SHANGHAI - CHINA
TB care incentives-enablers to complete treatment by rural migrants in Shanghai study
Migrants pose a major challenge to tuberculosis (TB) control in developed and developing countries including China, where the reported new migrant TB cases in Shanghai increased by 9.4% each year from 1998 to 2005.
This COMDIS study aimed to understand the challenges of TB care from the perspective of migrant TB patients under the new era of free TB treatment, and to generate policy recommendations for TB control in migrant populations in China and other similar settings.

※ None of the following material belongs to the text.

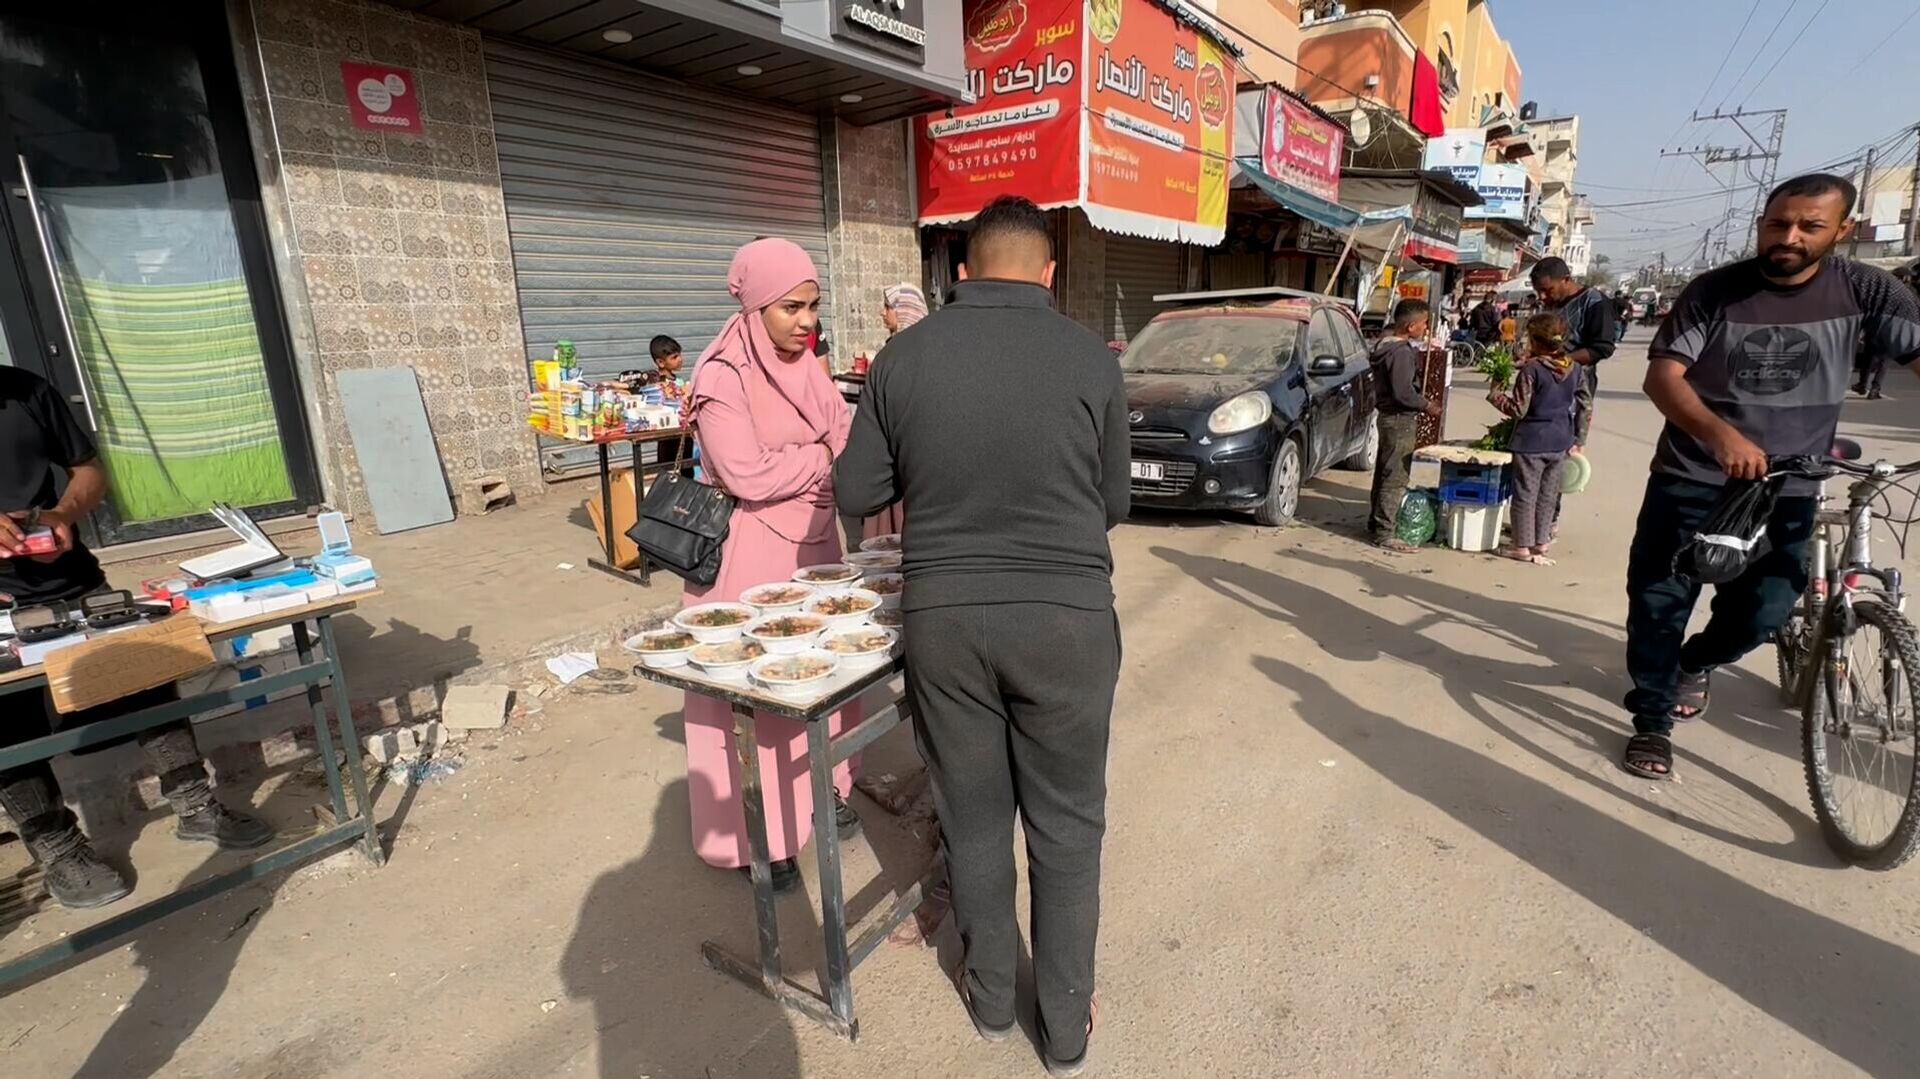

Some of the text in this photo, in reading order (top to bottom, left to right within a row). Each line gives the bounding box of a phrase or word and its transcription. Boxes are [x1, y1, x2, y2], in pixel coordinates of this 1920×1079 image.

The study revealed that the health system problems caused substantial barriers for migrant patients accessing TB care. Migrants were not covered by medical and unemployment insurance, and the profit driven operation style of public general hospitals resulted in high patient costs and long delays of migrant patients prior to their TB diagnosis. The free treatment policy has little, if any, effect in reducing migrant patient financial stress.
Recommendations following the COMDIS study focus on containing the profit-driven behaviour of general public hospitals in order to reduce patient costs and shorten diagnostic delays. It is also crucial to provide social welfare to migrants, including cost of living subsidies for poor migrant TB patients.
Following this study, COMDIS is now working with the Shanghai Centre for Disease Control to pilot providing cost of living subsidies to poor migrant TB patients in one district of Shanghai.